FBI Informant Halper in Jan. 2017: ‘I Don’t Think Flynn’s Going to Be Around Long’
Lt. Gen. Michael Flynn, former national security adviser to President Donald Trump, departs the E. Barrett Prettyman United States Courthouse following a pre-sentencing hearing on July 10, 2018. Aaron P. Bernstein/Getty Images
Petr Svab
Updated:

Stefan Halper, the Cambridge professor who allegedly told the FBI a false story to dirty up then-Trump adviser Michael Flynn, seemed keenly aware of Flynn’s impending downfall in January 2017, according to a recently released recording.

Halper predicted Flynn’s departure from the position of President Donald Trump’s national security adviser just two days before a leak of classified information set in motion a chain of events that cost the retired three-star Army general his job and continues to this day with Flynn’s turbulent legal saga.

Halper’s comments suggested insider knowledge of what was about to unfold, according to Cambridge Ph.D. candidate Steven Schrage, who recently released the recording of Halper that he said was made on Jan. 10, 2017, when Halper was supervising his doctoral work.

In the one-minute audio clip, it appears Halper was cautioning Schrage, former think tank national security scholar and congressional aide, against joining the National Security Council (NSC), which Flynn was slated to lead upon Trump’s inauguration.

“If you go in the NSC, you have to consider very carefully if you feel it’s appropriate for you to work for Flynn [crosstalk]. I don’t think Flynn’s going to be around long. I mean, that’s just my guess, but the way these things work, you inevitably find yourself at odds with someone—I mean, you always do, probably lots of people—and when your opponents, so-called enemies, when people oppose you are looking for ways of exerting pressure, they go to people they know you’re at odds with.

“And that’s how it builds and then eventually you get squeezed pretty hard. ... But Flynn’s reaction to that is to blow up and get angry. He’s really [expletive], I mean [crosstalk], I don’t know where he goes from there, but that is his reaction. That’s why he’s so unsuitable.”

Halper’s comments came at a time when Flynn had already been hammered for months by negative media coverage that coincided with his joining the Trump team. None of it, however, rose to the point of dissuading Trump from appointing him to the NSC.

That changed, starting on Jan. 12, 2017, when The Washington Post ran a column by David Ignatius, which suggested that Flynn violated the Logan Act in his December 2016 calls with then Russian Ambassador to the United States Sergey Kislyak.

The Logan Act is a 1799 law that prohibits private citizens from conducting diplomacy with foreign nations without White House approval.

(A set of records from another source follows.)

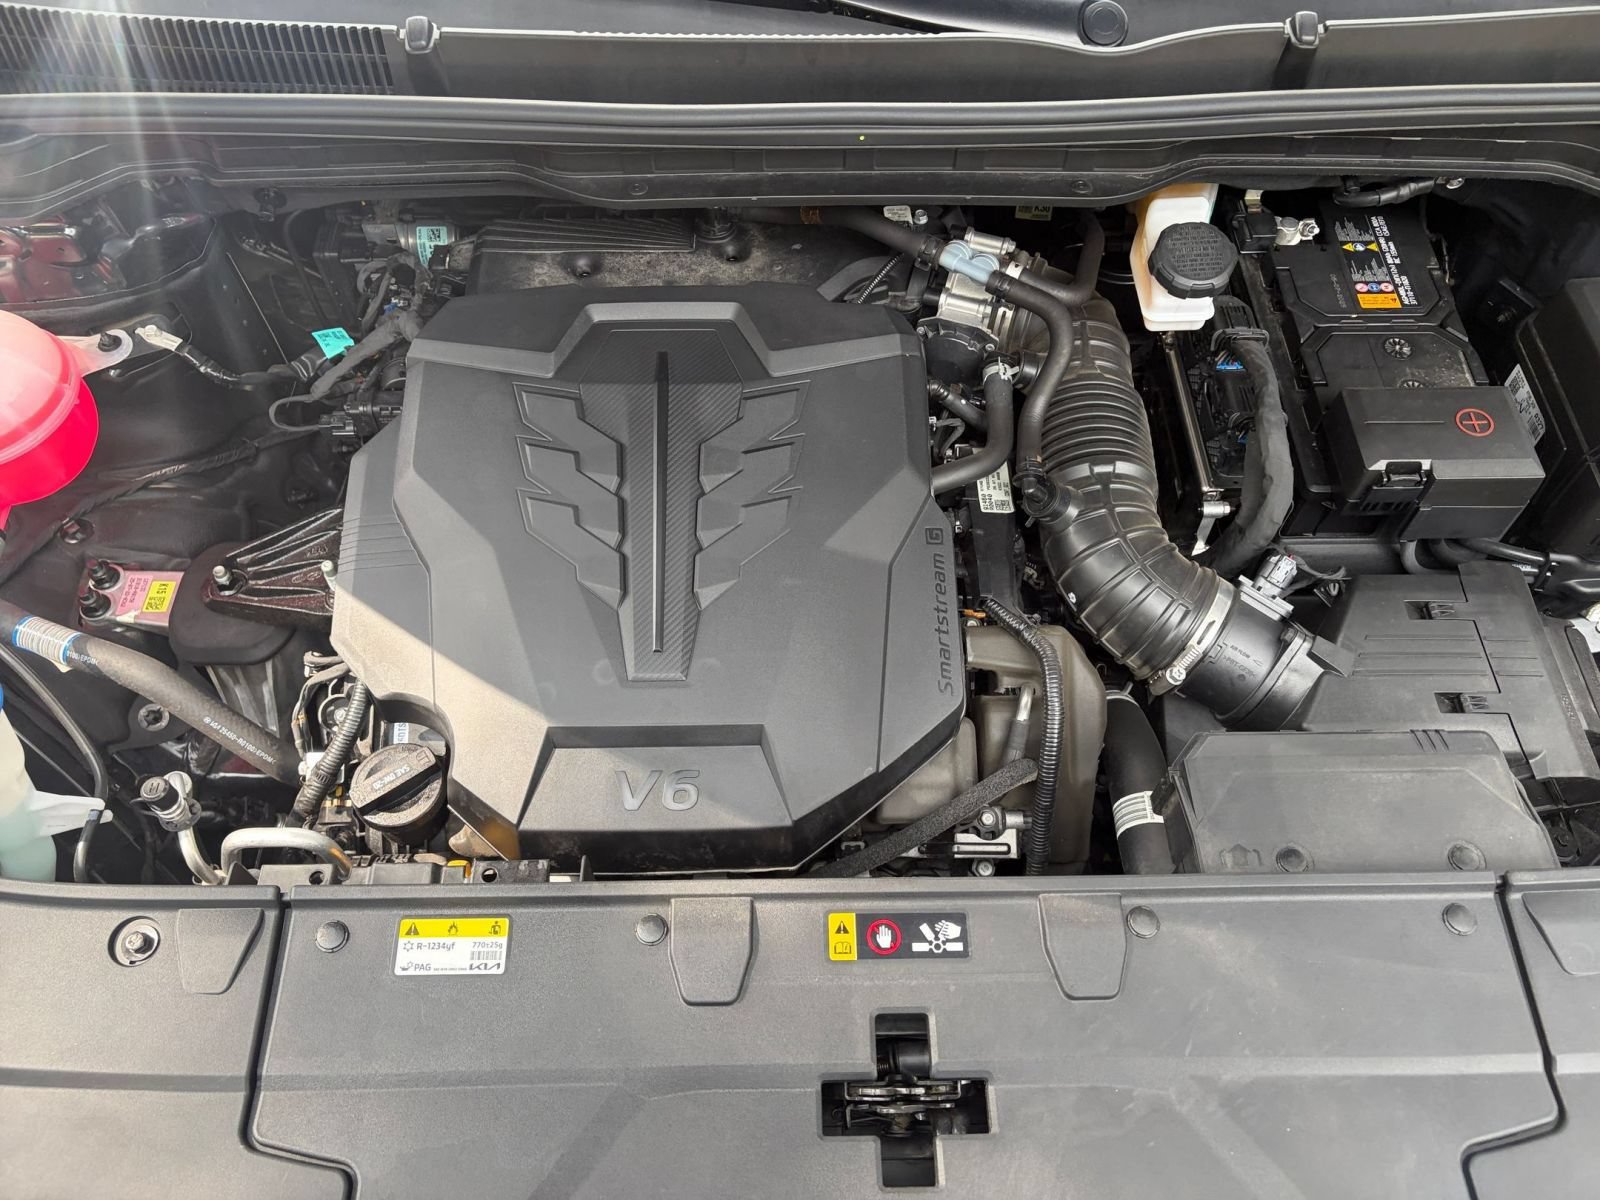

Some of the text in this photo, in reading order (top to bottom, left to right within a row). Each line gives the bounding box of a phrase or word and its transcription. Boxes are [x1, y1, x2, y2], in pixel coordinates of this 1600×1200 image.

[933, 553, 954, 697] Smartstream
[372, 764, 411, 790] SAE 0W-20
[615, 769, 700, 812] V6
[416, 941, 456, 952] R-1234yf
[414, 963, 432, 972] PAG

Not only are there questions about its constitutionality, but the law has never been applied to the incoming administration of a president-elect. In fact, nobody has ever been successfully prosecuted under it.

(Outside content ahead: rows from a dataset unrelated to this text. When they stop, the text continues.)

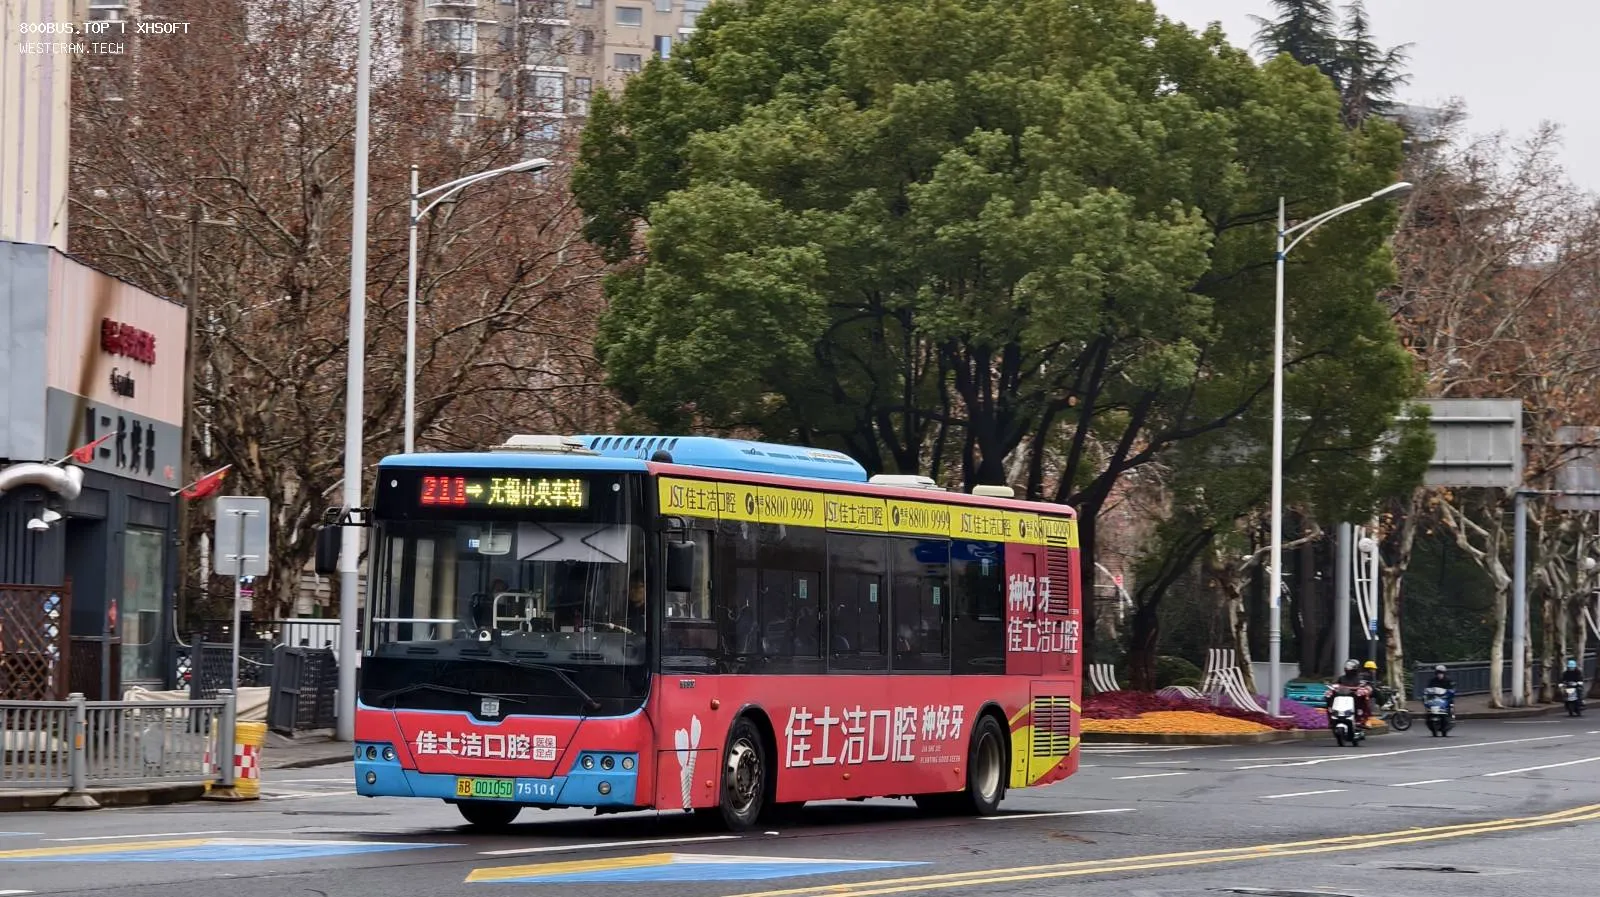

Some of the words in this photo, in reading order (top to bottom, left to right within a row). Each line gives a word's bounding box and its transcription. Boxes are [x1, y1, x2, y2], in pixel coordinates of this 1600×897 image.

[423, 476, 465, 504] 211
[488, 477, 582, 507] 无锡中央车站
[685, 487, 736, 513] 佳士洁口腔
[765, 495, 788, 517] 8800
[791, 497, 814, 520] 9999
[840, 502, 883, 525] 佳士洁口腔
[908, 508, 929, 529] 8800
[931, 509, 951, 531] 9999
[1009, 574, 1051, 613] 种好牙
[1008, 616, 1079, 653] 佳士洁口腔
[415, 730, 530, 759] 佳士洁口腔
[785, 705, 918, 768] 佳士洁口腔
[922, 705, 964, 741] 种好牙

Based on documents released over the past several months, the FBI was investigating Flynn in 2016 for supposed links to Russia as part of a wide-ranging probe into alleged Trump–Russia collusion.

But agents came up empty-handed and, on Jan. 4, 2017, drafted a memo to close the Flynn case.

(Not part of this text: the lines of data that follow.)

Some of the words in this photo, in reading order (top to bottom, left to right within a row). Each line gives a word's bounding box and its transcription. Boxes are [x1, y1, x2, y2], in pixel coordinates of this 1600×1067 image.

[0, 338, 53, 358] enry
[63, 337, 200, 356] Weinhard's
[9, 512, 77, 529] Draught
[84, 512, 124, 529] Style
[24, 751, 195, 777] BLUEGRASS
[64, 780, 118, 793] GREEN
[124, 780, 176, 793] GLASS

FBI top brass intervened at the last minute to keep the case open as they “considered opening a new criminal investigation based solely on a potential violation of the Logan Act” by Flynn, the DOJ said in a May 6 court document (pdf).

Even though the Department of Justice (DOJ) made clear to the FBI that a Logan Act violation wouldn’t fly in court, the bureau kept the case open and even sent agents to the White House to interview Flynn without notifying White House counsel or the DOJ.

Flynn at first didn’t accurately portray his calls with Kislyak to the Trump team, which led to the incoming Vice President Mike Pence providing inaccurate information during an interview. That’s why Flynn was fired in February 2017, Trump said.

His firing came after DOJ officials informed the administration that Flynn also portrayed the calls inaccurately during the FBI interview.

Around the same time, anonymous sources were spreading stories to the media alleging Flynn had an affair with a suspicious Russian woman. The woman was a Cambridge scholar of Russian origin named Svetlana Lokhova, who denied the claim and accused Halper of spreading the false story. She said she had met Flynn just once, at a 2014 formal dinner organized by the Cambridge Intelligence Seminar, which was at the time co-convened by Halper.

The tale was also passed to the FBI by one of its “established” informants, one FBI document says. The name of the informant was redacted. Halper had been a longtime informant for the bureau.
It isn’t clear why Schrage is releasing the Halper tape now. While he told Fox News he found it a few weeks ago, in a recent article, he said he had been recording his sessions with Halper since 2015 and that he was looking into Halper’s role in the Russia investigation since 2018.

Attempts by The Epoch Times to reach Schrage for comment were unsuccessful.

Flynn, who headed the Defense Intelligence Agency during the Obama administration, eventually pleaded guilty in December 2017 to lying to the FBI. In January, he moved to withdraw the plea, saying he was misled and pressured into it.

In May, the DOJ moved to dismiss the case after a review uncovered documents suggesting the FBI questioned Flynn solely to elicit false statements from him, rather than for a legitimate investigative purpose.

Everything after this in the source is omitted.